Zhang Chengfen, Niu Yanxiong, Zhang Hao, Lu Jiazhen
Appl Opt. 2018 Feb 10;57(5):1067-1074. doi: 10.1364/AO.57.001067.
High-precision ground calibration is essential to ensure the performance of star sensors. However, the complex distortion and multi-error coupling have brought great difficulties to traditional calibration methods, especially for large field of view (FOV) star sensors. Although increasing the complexity of models is an effective way to improve the calibration accuracy, it significantly increases the demand for calibration data. In order to achieve high-precision calibration of star sensors with large FOV, a novel laboratory calibration method based on a regularization neural network is proposed. A multi-layer structure neural network is designed to represent the mapping of the star vector and the corresponding star point coordinate directly. To ensure the generalization performance of the network, regularization strategies are incorporated into the net structure and the training algorithm. Simulation and experiment results demonstrate that the proposed method can achieve high precision with less calibration data and without any other priori information.

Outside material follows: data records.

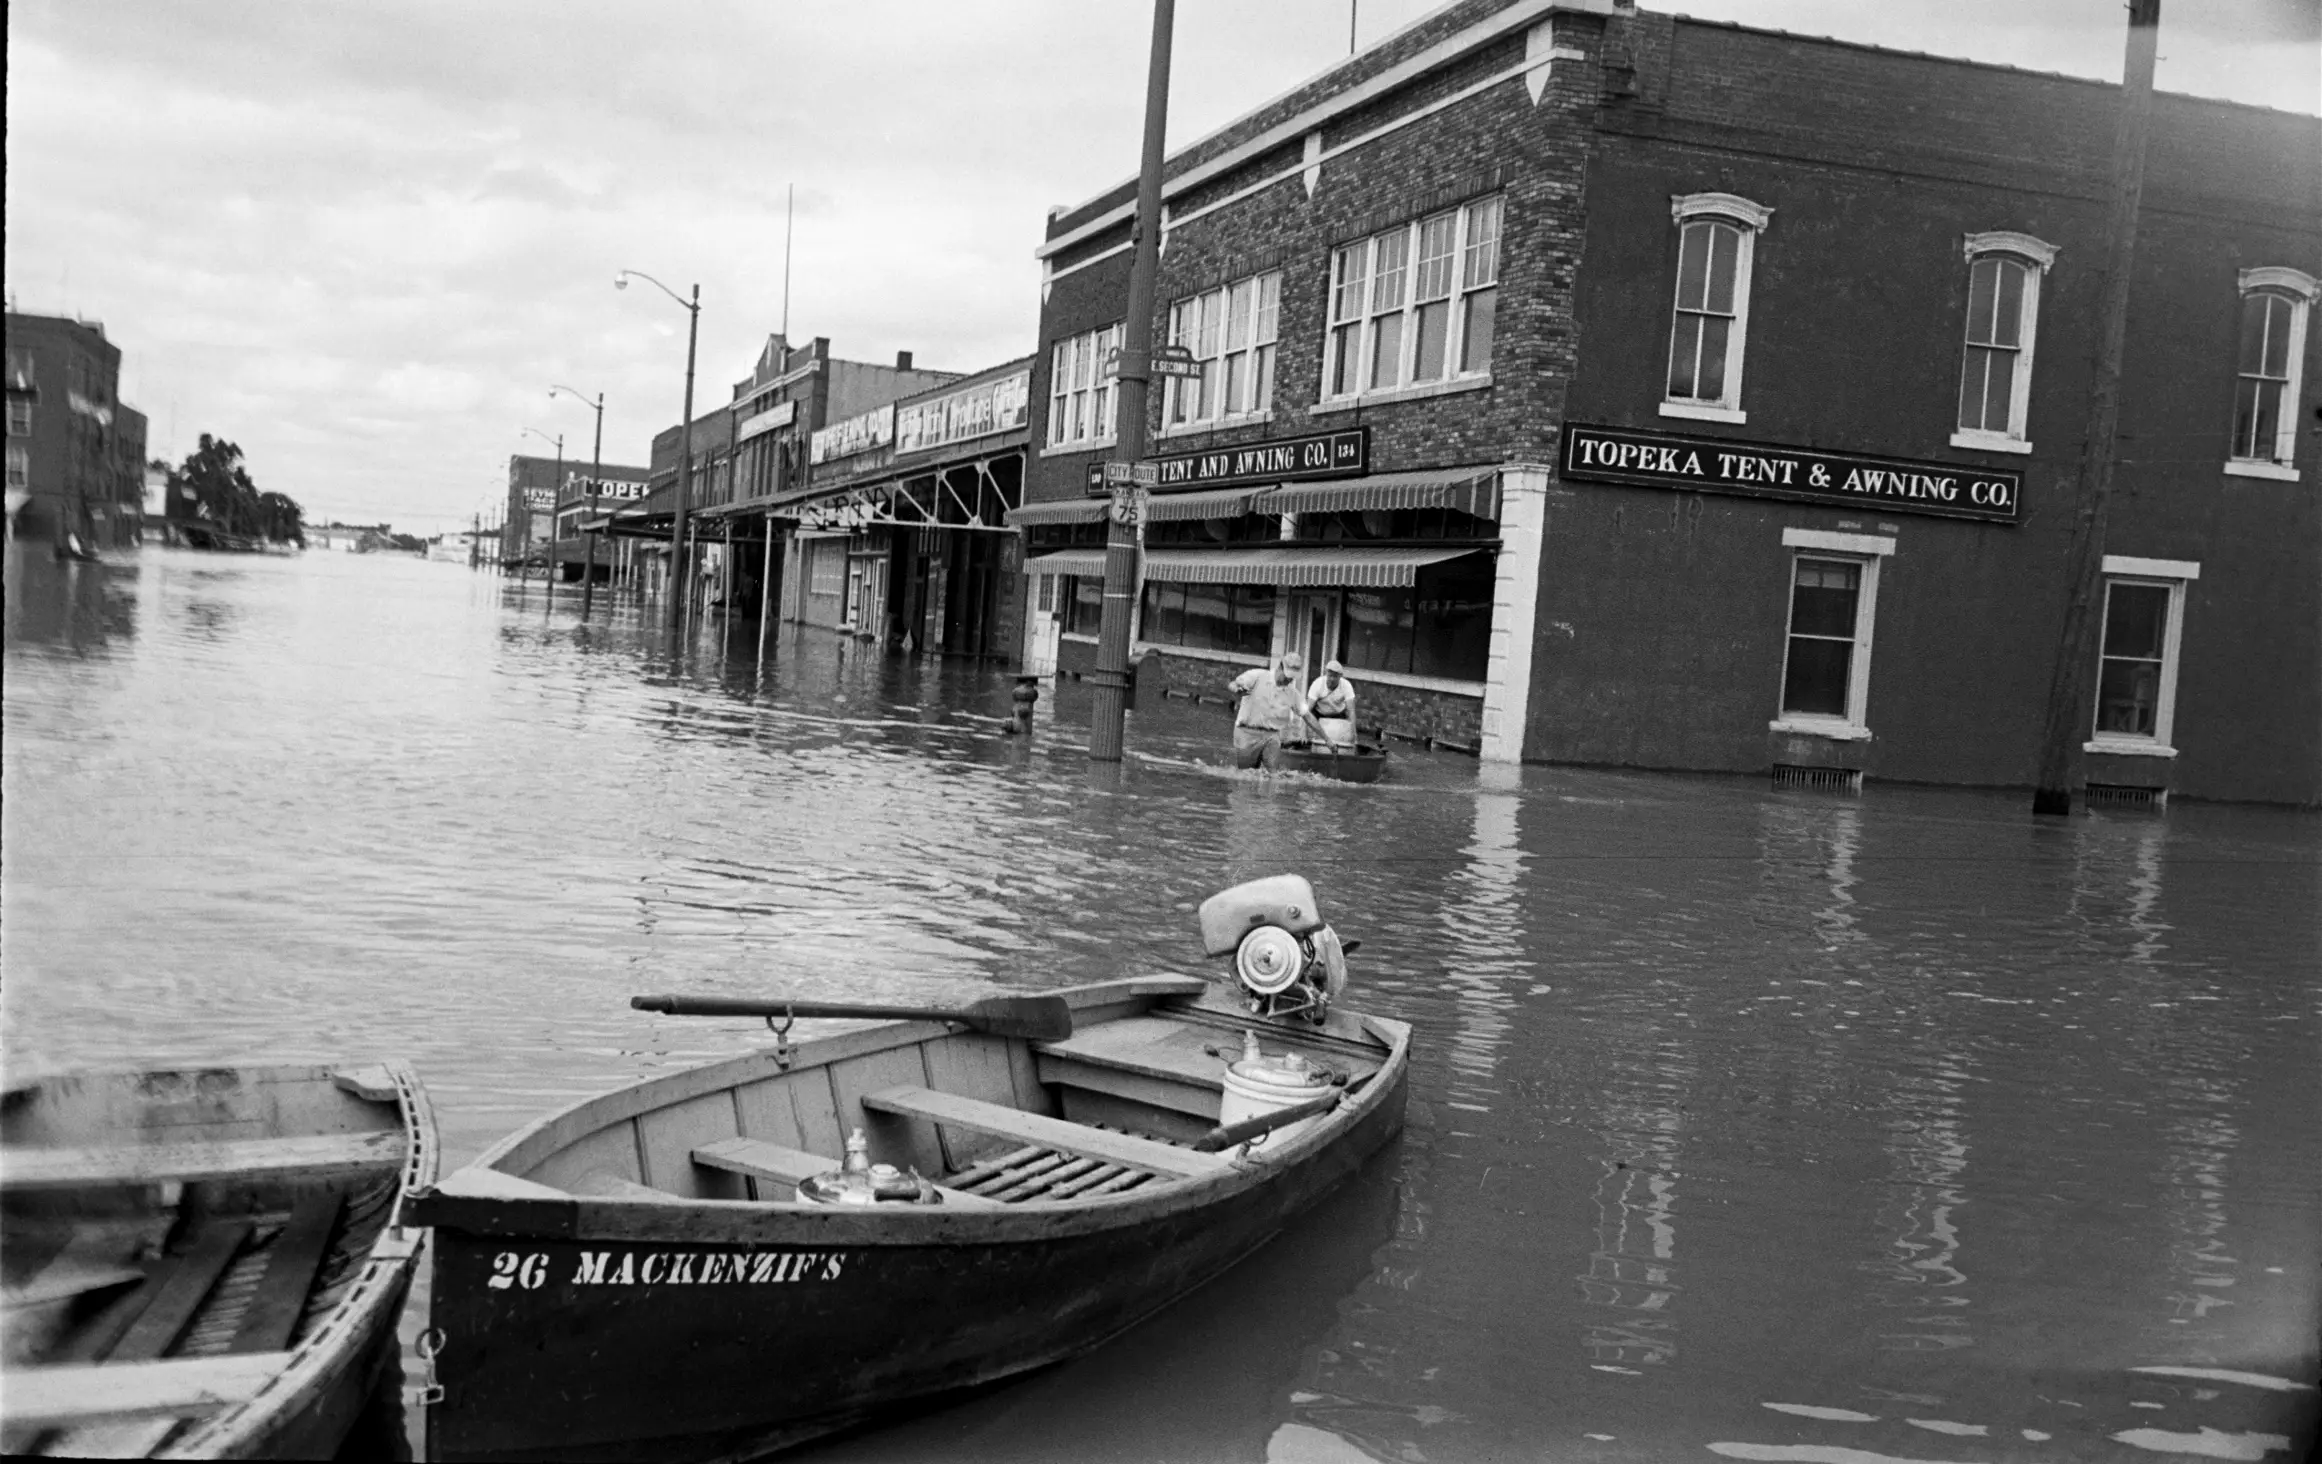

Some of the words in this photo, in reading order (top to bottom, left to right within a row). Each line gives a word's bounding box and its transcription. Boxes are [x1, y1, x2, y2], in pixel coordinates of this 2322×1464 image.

[1160, 361, 1188, 374] SECOND
[1109, 466, 1128, 478] CITY
[1161, 458, 1195, 482] TENT
[1199, 453, 1229, 477] AND
[1235, 446, 1295, 476] AWNING
[1304, 442, 1328, 466] CO.
[1578, 438, 1705, 476] TOPEKA
[1717, 452, 1799, 485] TENT
[1808, 463, 1831, 488] &
[1841, 467, 1959, 502] AWNING
[1969, 481, 2014, 507] CO.
[1119, 505, 1138, 520] 75
[487, 1252, 550, 1290] 26

Compared with traditional methods, the calibration error of the star sensor decreased by about 30%. The proposed method can satisfy the precision requirement for large FOV star sensors.

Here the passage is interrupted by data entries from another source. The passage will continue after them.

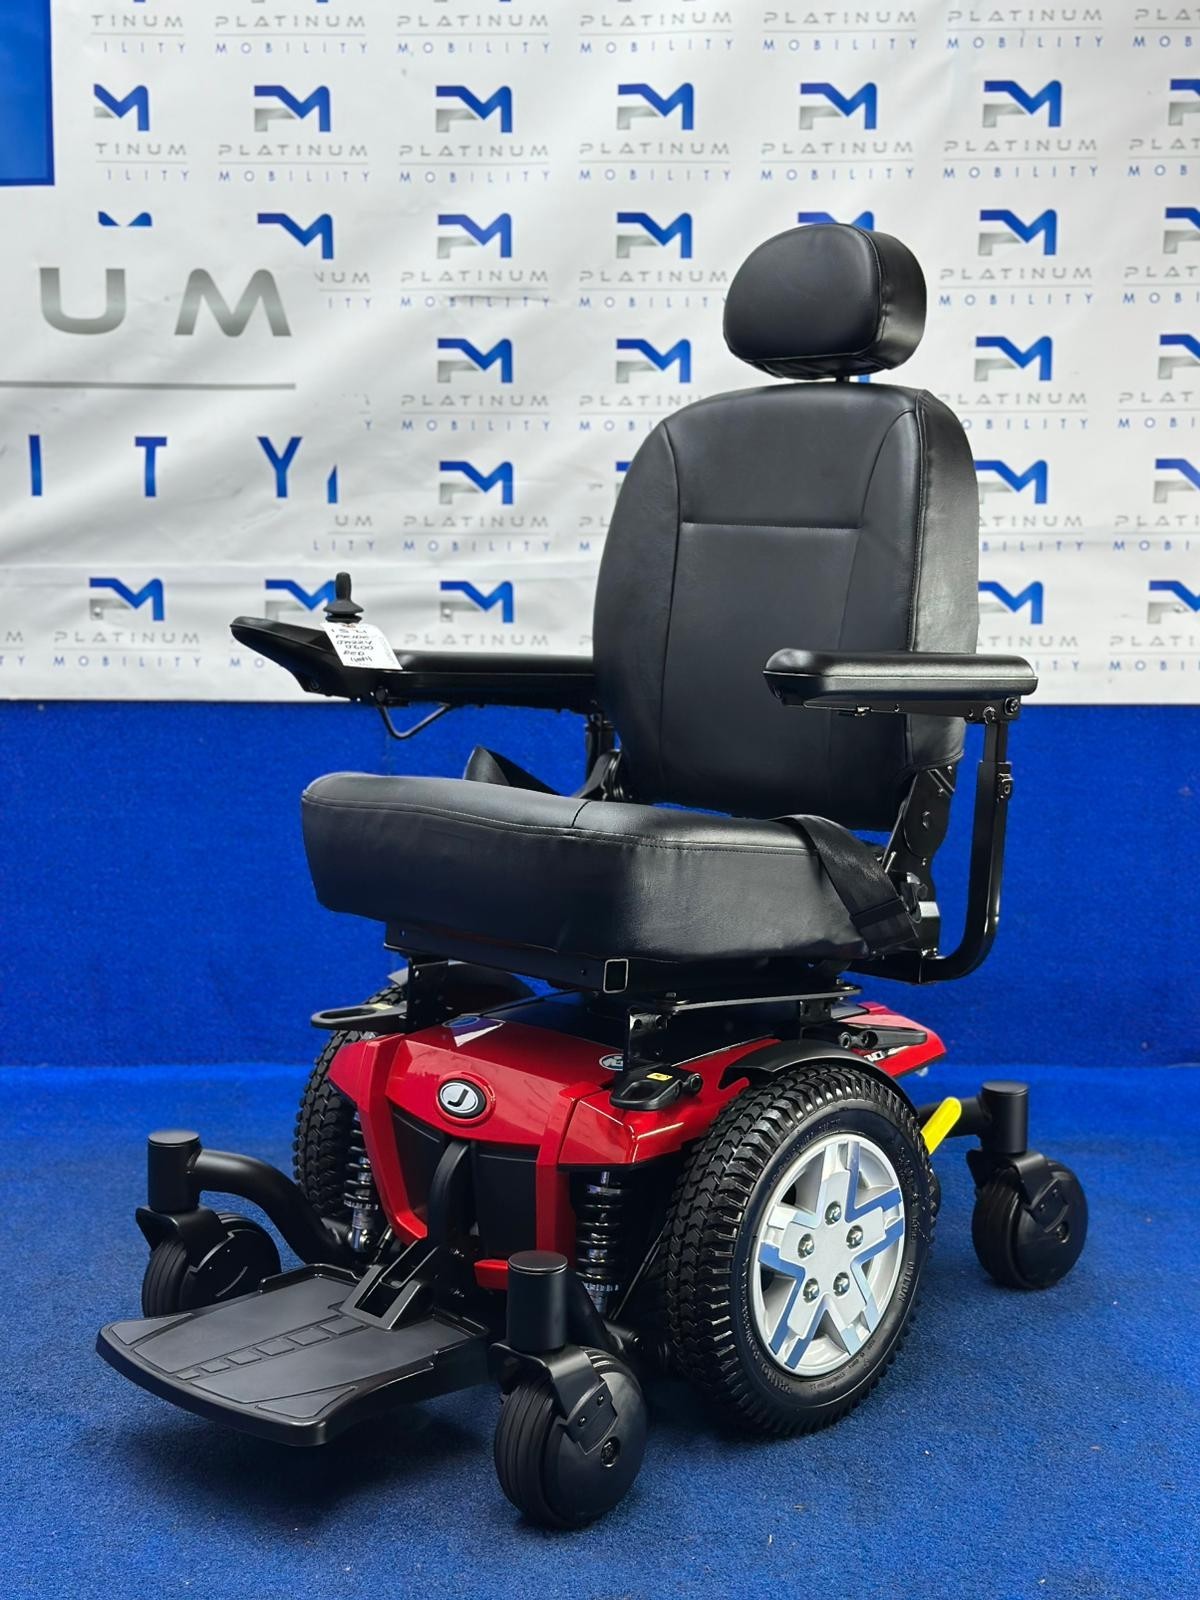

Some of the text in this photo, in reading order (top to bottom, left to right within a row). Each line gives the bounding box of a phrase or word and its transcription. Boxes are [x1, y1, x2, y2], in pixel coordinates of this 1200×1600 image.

[216, 15, 365, 27] PLATINUM
[397, 15, 548, 27] PLATINUM
[578, 12, 732, 27] PLATINUM
[763, 11, 916, 24] PLATINUM
[948, 9, 1102, 22] PLATINUM
[216, 42, 366, 54] MOBILITY
[579, 38, 733, 53] MOBILITY
[763, 38, 917, 51] MOBILITY
[948, 36, 1103, 48] MOBILITY
[398, 42, 549, 55] MOBILITY
[218, 144, 367, 156] PLATINUM
[399, 145, 547, 157] PLATINUM
[580, 142, 729, 155] PLATINUM
[761, 142, 912, 154] PLATINUM
[944, 139, 1097, 152] PLATINUM
[219, 171, 369, 182] MOBILITY
[399, 171, 548, 183] MOBILITY
[580, 169, 730, 181] MOBILITY
[761, 168, 914, 180] MOBILITY
[943, 166, 1098, 178] MOBILITY
[401, 270, 550, 283] PLATINUM
[579, 266, 727, 282] PLATINUM
[940, 267, 1092, 280] PLATINUM
[38, 267, 292, 338] UM
[401, 294, 550, 307] MOBILITY
[939, 293, 1092, 305] MOBILITY
[401, 394, 547, 406] PLATINUM
[401, 419, 549, 431] MOBILITY
[28, 433, 303, 500] ITY
[404, 514, 548, 528] PLATINUM
[403, 540, 549, 552] MOBILITY
[52, 632, 202, 644] PLATINUM
[404, 633, 549, 644] PLATINUM
[53, 656, 200, 667] MOBILITY
[1109, 661, 1200, 671] MOBI

高精度地面校准对于确保星敏感器的性能至关重要。然而,复杂的畸变和多误差耦合给传统校准方法带来了极大困难,尤其是对于大视场(FOV)星敏感器。虽然增加模型的复杂度是提高校准精度的有效方法,但这显著增加了对校准数据的需求。为了实现大视场星敏感器的高精度校准,提出了一种基于正则化神经网络的新型实验室校准方法。设计了一种多层结构神经网络来直接表示星向量与相应星点坐标的映射。为确保网络的泛化性能,将正则化策略融入网络结构和训练算法中。仿真和实验结果表明,所提方法在较少校准数据且无需任何其他先验信息的情况下即可实现高精度。与传统方法相比,星敏感器的校准误差降低了约30%。所提方法能够满足大视场星敏感器的精度要求。